The city is a trade centre for Cocoa and Palm Oil, and has a timber industry as well. Kumba is a local road junction, making it the main commercial town in anglophone Cameroon. Trading in Kumba has attracted the interest of foreigners, mostly Nigerians (The Igbos), who have always controlled a greater percentage of the Kumba main market. (culled from a personal survey, January 2011)

Geography

Although it is the largest city in the southwest province of Cameroon, it is not the provincial capital; which is located in Buea, the former German colonial capital. Because of its size, most major roads to the provincial interior radiate from Kumba, running to the Nigerian border at Mamfe, the Korup National Park at Mundemba, and Mount Koupe to the east. The premier geographical attraction in Kumba is Barombi Mbo, the largest volcanic lake in Cameroon's volcanic chain.

Transport

Kumba is the terminus of a branch railway of the western system of Camrail.

Government

Kumba is the headquarter of Meme division of the Southwest Region. It has three sub-divisional councils; Kumba 1(Kumba Town-Kake, a part of Buea Road), Kumba 2(Kosala, Hausa-quarters and a Fiango) and Kumba 3(3 corners, Mambanda and a part of Buea-road) with three local mayors. The town also run by a government appointed Senior Divisional Officer(SDO) and a government Delegate.

People

Most people in Kumba speak English and Pidgin, and at least one of a variety of indigenous languages, most dominantly Bafaw, Bakossi and Mbonge.

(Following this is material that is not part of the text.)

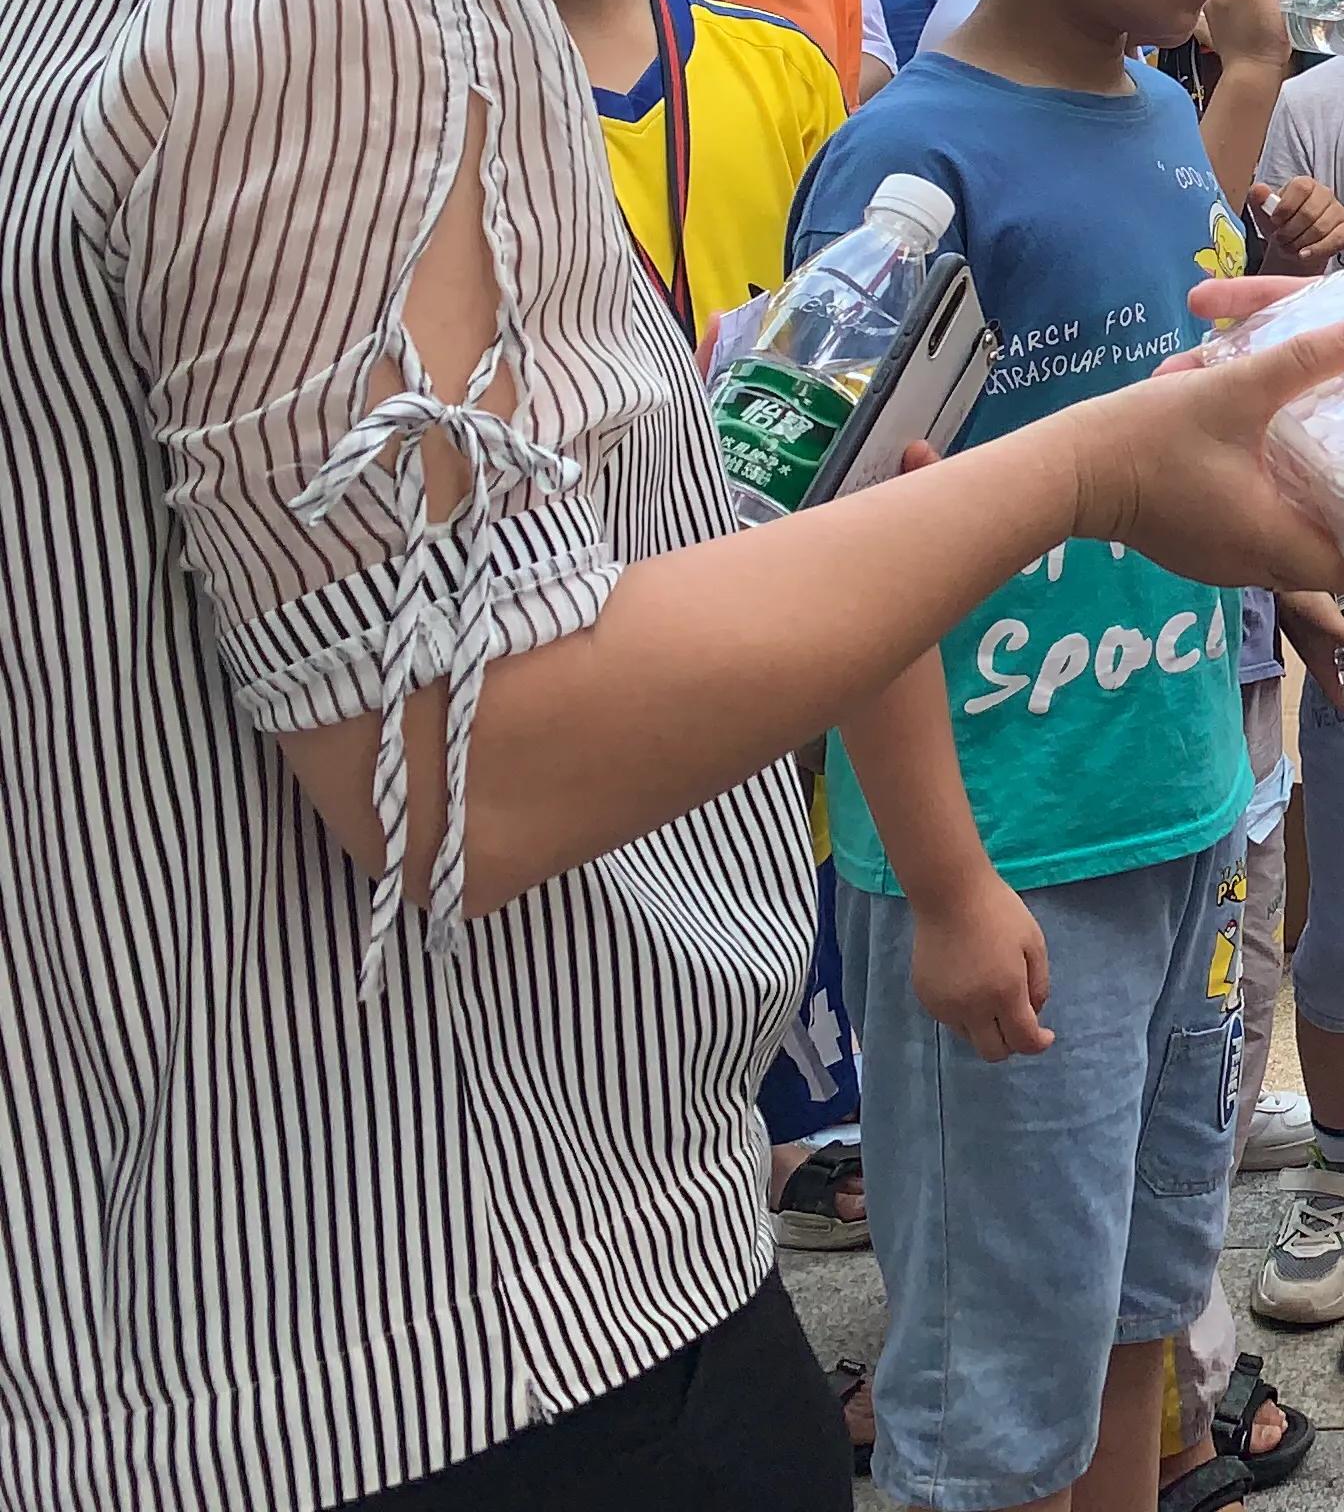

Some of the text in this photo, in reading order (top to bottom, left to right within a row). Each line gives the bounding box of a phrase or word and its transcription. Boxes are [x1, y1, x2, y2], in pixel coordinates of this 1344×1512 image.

The indigenes of Kumba are the Bafaw, an ethnic group who speak the Bafaw language, a language similar to Duala, Mboh and Bakossi, and certainly Southern Bantoid. The Bafaw people are ruled by their Paramount chief HRH Fon Victor Esemisongo Mukete who is the current chairman of Camtel, Cameroon's own Telecommunication company and also the founder and CEO of Mukete Plantations Limited, a plantation measuring over 200 square kilometers in different localities in Meme division. Due to its cosmopolitan nature, the Bafaw now form just a percentage of the general population of the city, and have lost many aspects of their culture, except for their language which is spoken mostly by the elderly and some of the younger generation.

Kumba is the birthplace of French international rugby union player Serge Betsen and footballer Eyong Enoh.